Kebijakan ini hanya akan berhasil jika masyarakat mengikutinya, karena masyarakat dapat menjadi kunci keberhasilan kebijakan tersebut, baik sebagai pendukung maupun penghambat. 

Disarankan agar pembuat kebijakan lebih memperhatikan karakteristik masyarakat serta sistem mitigasi sebagai tindakan pencegahan dan manajemen risiko untuk membuat kebijakan yang jelas di masyarakat.

Pembuatan kebijakan merupakan upaya untuk menggabungkan pengetahuan teknis dengan politik yang kompleks. Kebijakan yang diambil oleh organisasi publik adalah untuk menjawab permasalahan yang dialami oleh masyarakat.

 

Kajian Karakteristik Kebijakan

Karakteristik pertama sebagai kerangka kerja untuk memecahkan masalah. Selanjutnya, sifat kebijakan adalah multidisiplin dan, kebijakan adalah normatif atau berorientasi nilai. 

Secara tradisional, pendekatan kebijakan publik terdiri dari pilihan yang akan diambil oleh pengambil keputusan dengan memperhitungkan dampak yang diharapkan melalui pertimbangan biaya dan manfaat. 

Di negara berkembang seperti di Indonesia, suatu kebijakan publik memiliki ruang lingkup yang hierarkis, baik lokal, nasional, regional, maupun bahkan internasional.

 

Masyarakat Sebagai Kunci Keberhasilan dan Penghambat Kebijakan

Kebijakan publik yang kompleks dan multidisiplin seringkali gagal mewujudkan tujuannya dalam masyarakat. Dalam konteks kebijakan Terkait COVID-19, sebelumnya pemerintah Indonesia tidak memiliki kebijakan yang memadai dalam wabah. 

Undang-Undang Nomor 24 Tahun 2007 tentang Penanggulangan Bencana dan Undang-Undang nomor 6 tahun 2018 tentang Karantina Kesehatan dinilai tidak mampu mengakomodir respon kebijakan saat ini diperlukan.

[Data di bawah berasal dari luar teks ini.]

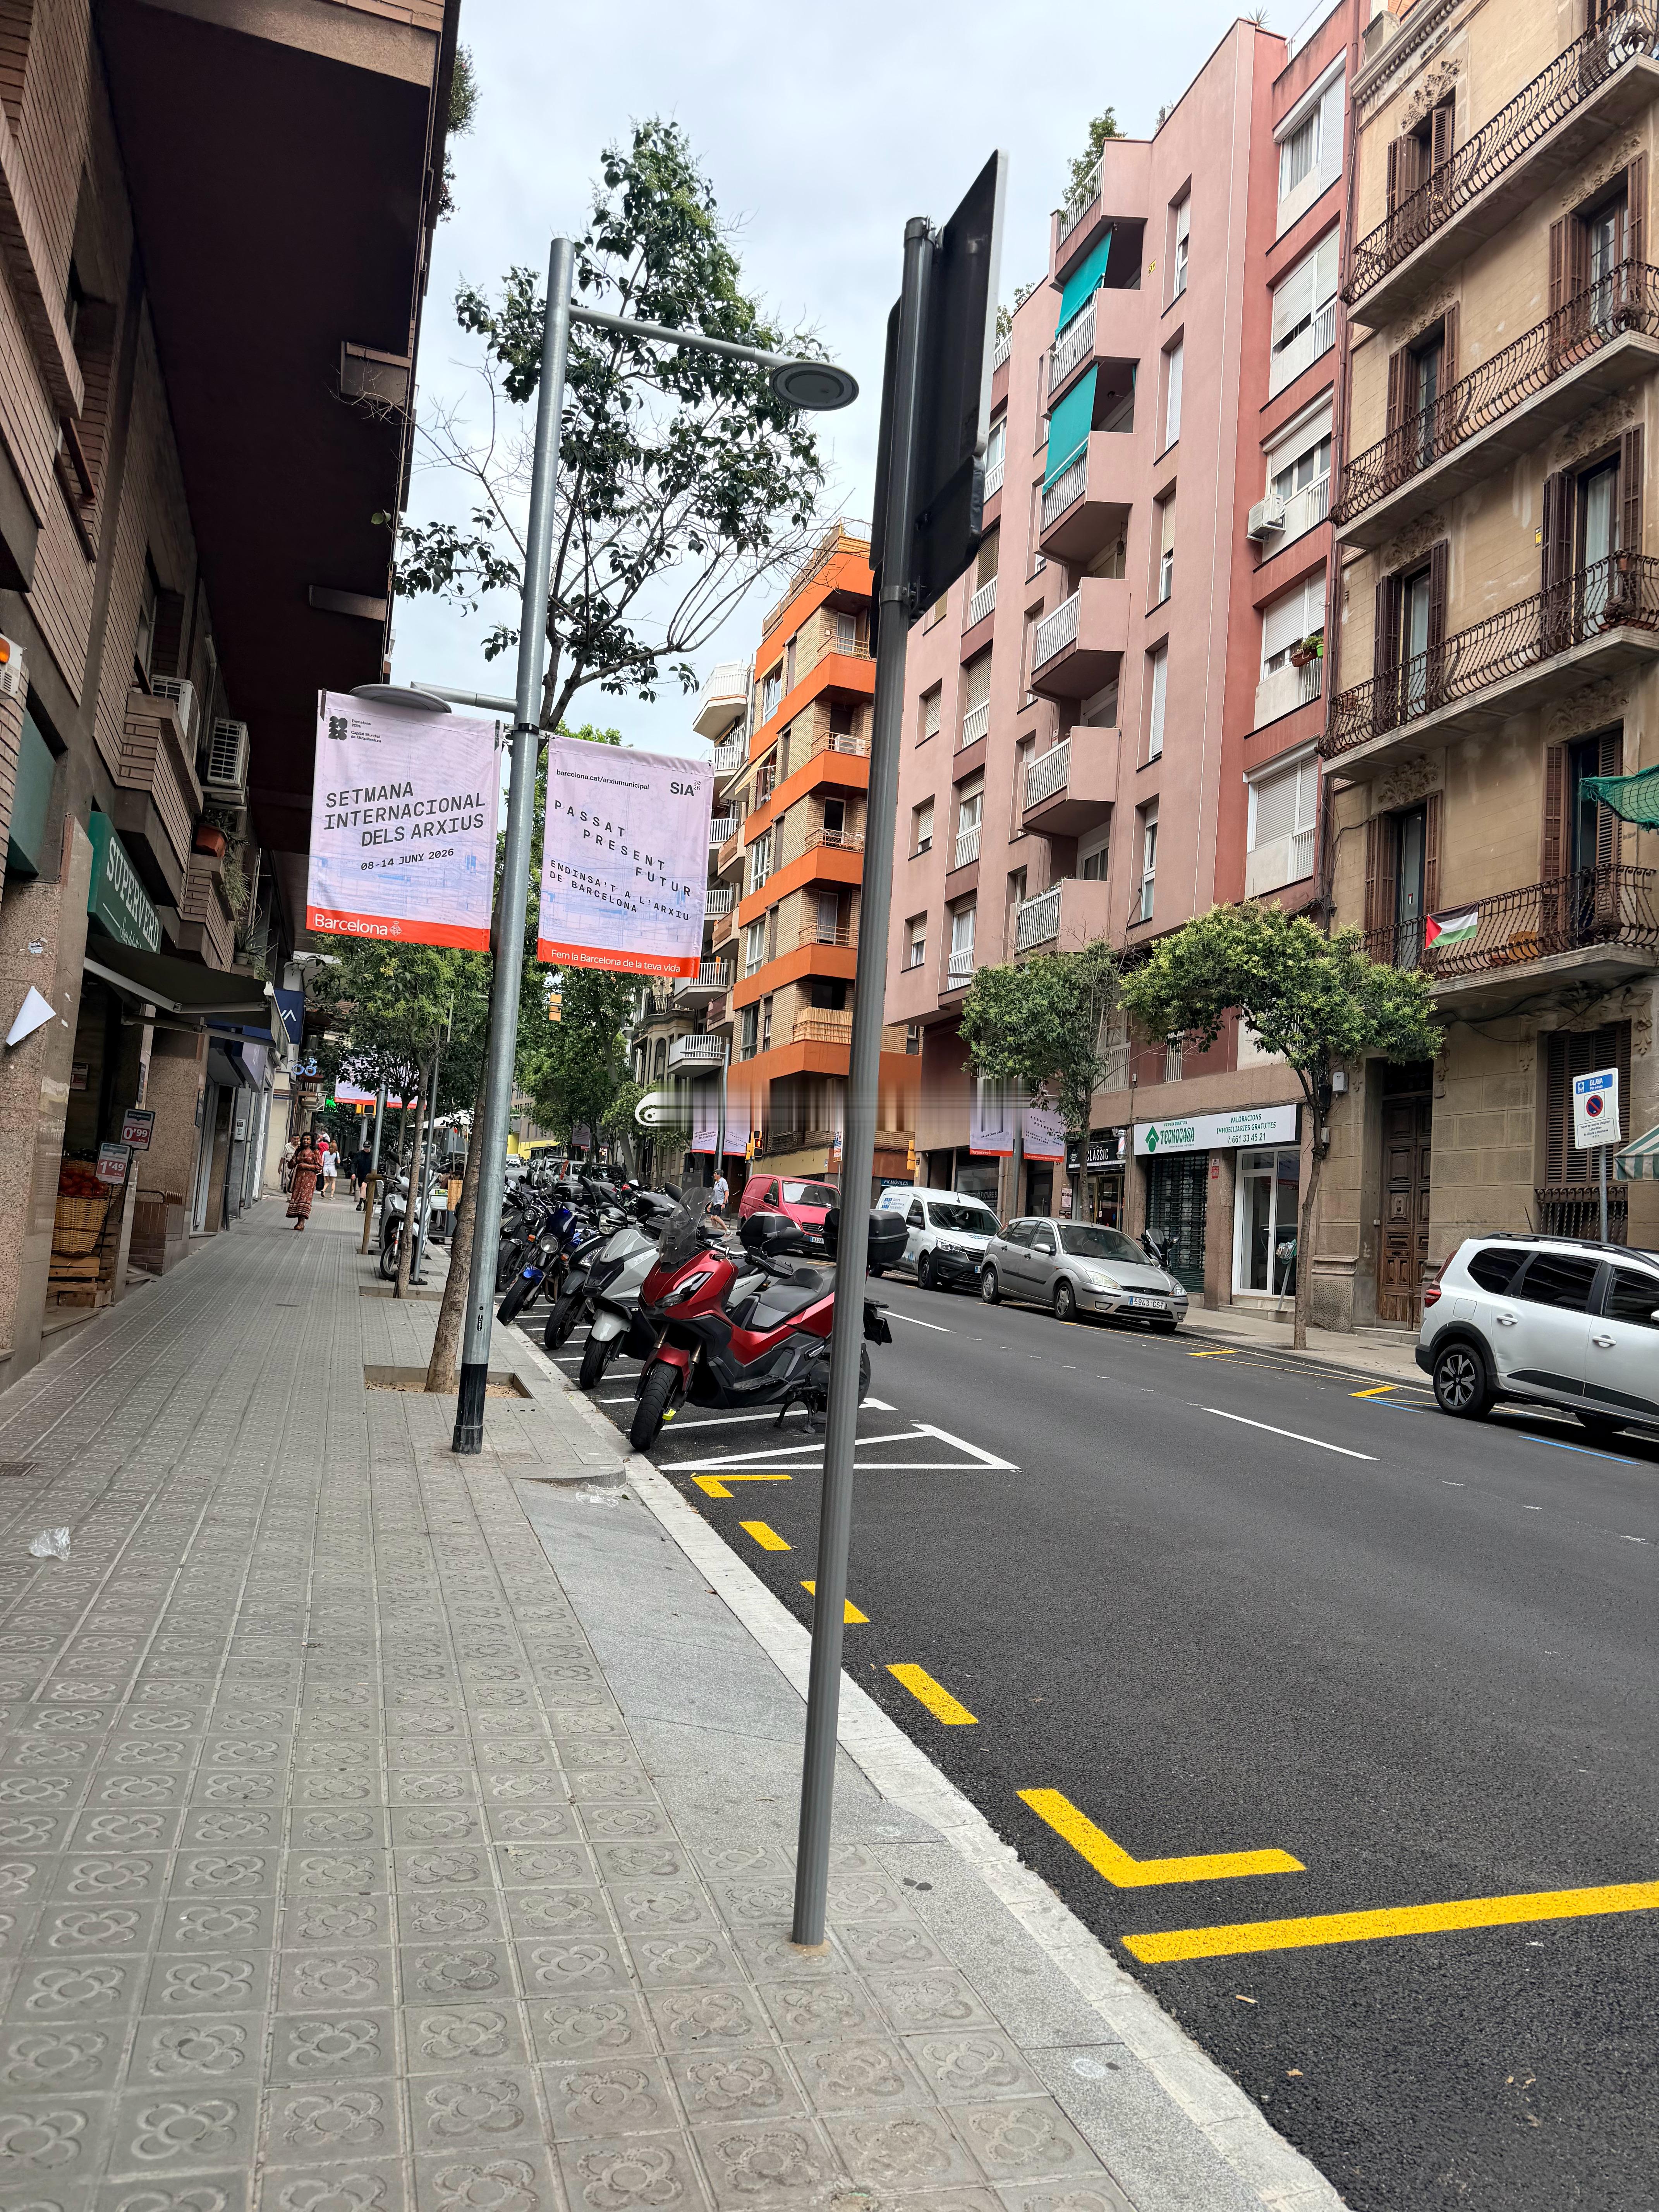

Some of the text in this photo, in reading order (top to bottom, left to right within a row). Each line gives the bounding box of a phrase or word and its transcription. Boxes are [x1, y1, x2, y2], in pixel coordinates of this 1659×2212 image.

[556, 769, 649, 790] barcelona.cat/arxiumunicipal
[670, 781, 695, 797] SIA
[326, 781, 414, 808] SETMANA
[324, 792, 485, 830] INTERNACIONAL
[555, 800, 625, 837] PASSAT
[361, 813, 484, 847] DELS ARXIUS
[361, 848, 454, 871] 08-14 JUNY 2026
[583, 829, 665, 870] PRESENT
[550, 871, 637, 913] DE BARCELONA
[551, 859, 689, 921] ENDINSA'T A L'ARXIU
[635, 866, 690, 896] FUTUR
[106, 836, 159, 952] SUPERVERD
[315, 913, 388, 936] Barcelona
[551, 949, 681, 972] Fem la Barcelona de la teva vida
[1230, 1114, 1262, 1123] VALORACIONS
[1160, 1127, 1195, 1145] TECNOCASA
[1232, 1132, 1266, 1143] 661 33 45 21
[1134, 1298, 1149, 1306] 5943

Situasi ini akhirnya menimbulkan krisis kebijakan, hingga akhirnya pemerintah Indonesia mengeluarkan peraturan teknis. 

Dunia berada di tengah pandemi paling parah dalam sejarah peradaban manusia dan memiliki efek yang belum pernah terjadi sebelumnya. Efeknya jauh melampaui sistem. Ini memiliki efek di setiap sektor masyarakat, yaitu ekonomi, teknis, dan sistem sosial seperti agama, pendidikan, pola kerja dan komunikasi sosial. 

Menurut WHO, penyebaran COVID-19 bisa dihambat dengan deteksi dini, isolasi, dan pengobatan yang efektif dan pelacakan kontak pasien. Cina sebagai negara awal di episentrum penyebaran COVID-19 melakukan karantina wilayah atau lockdown selama beberapa bulan untuk menekan penyebaran wabah virus corona.

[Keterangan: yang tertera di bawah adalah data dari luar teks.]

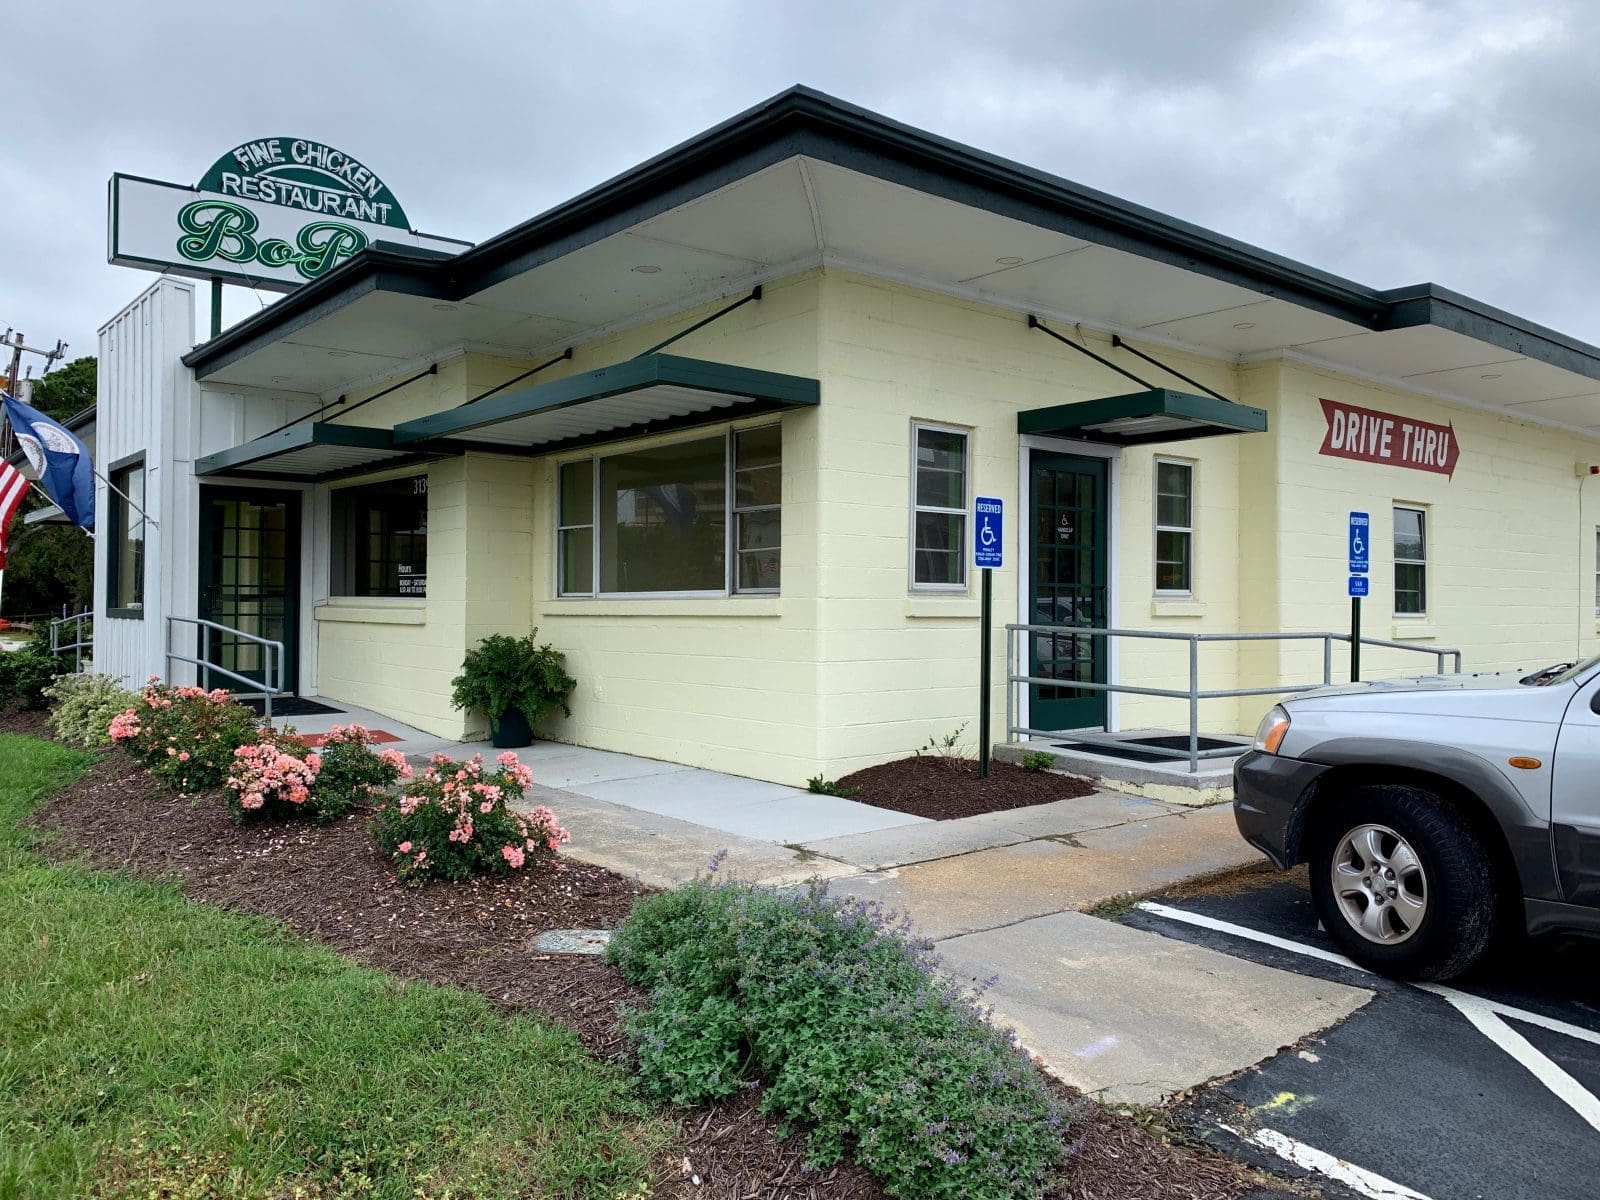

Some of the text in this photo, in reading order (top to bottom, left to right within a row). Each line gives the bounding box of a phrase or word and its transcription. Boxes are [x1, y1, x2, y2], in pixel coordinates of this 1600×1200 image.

[233, 139, 382, 198] FINE CHICKEN
[221, 172, 392, 224] RESTAURANT
[1330, 408, 1449, 468] DRIVE THRU
[977, 503, 1001, 513] RESERVED
[398, 563, 412, 573] Hours

Pemerintah Indonesia mengeluarkan berbagai kebijakan dalam penanganan penyebaran kasus COVID-19. Padahal respon awal pemerintah Indonesia kurang baik, dan ada krisis kebijakan, beberapa kebijakan terkait langsung dengan penanganan COVID-19, antara lain physical distancing dan Pembatasan Sosial Berskala Besar (PSBB). 

Selain itu, beberapa kebijakan yang mengakibatkan dampak sosial ekonomi. Ini menunjukkan bahwa beberapa kebijakan yang dibuat oleh pemerintah tidak efektif dalam menekan jumlah Kasus COVID-19, karena jenis kebijakannya lebih top-down. Masyarakat menjadi sasaran kelompok kebijakan dan itu kurang dapat diterima oleh mereka. 

Artinya, dalam hal Penanganan COVID-19 di Indonesia, masyarakat dapat menjadi penentu keberhasilan atau kegagalan dalam penanganan COVID-19. Krisis kebijakan di awal penanganan COVID-19 menyebabkan kelalaian masyarakat. 

Selain itu, dalam menyikapi COVID-19, pengambil kebijakan perlu memperhatikan karakteristik masyarakat dan terlibat dalam semua tahapan kebijakan sehingga dapat meningkatkan tingkat penerimaan di masyarakat. Konsisten dengan keadaan adalah sebagai upaya untuk meminimalkan dampak sosial ekonomi pada masyarakat. 

Ini bukan berarti bahwa negara berkembang lainnya harus mengadopsi kebijakan yang sama seperti Indonesia, termasuk kebijakan jaga jarak sosial. Masyarakat merupakan subyek yang menentukan berhasil tidaknya suatu kebijakan dalam mencapai tujuan.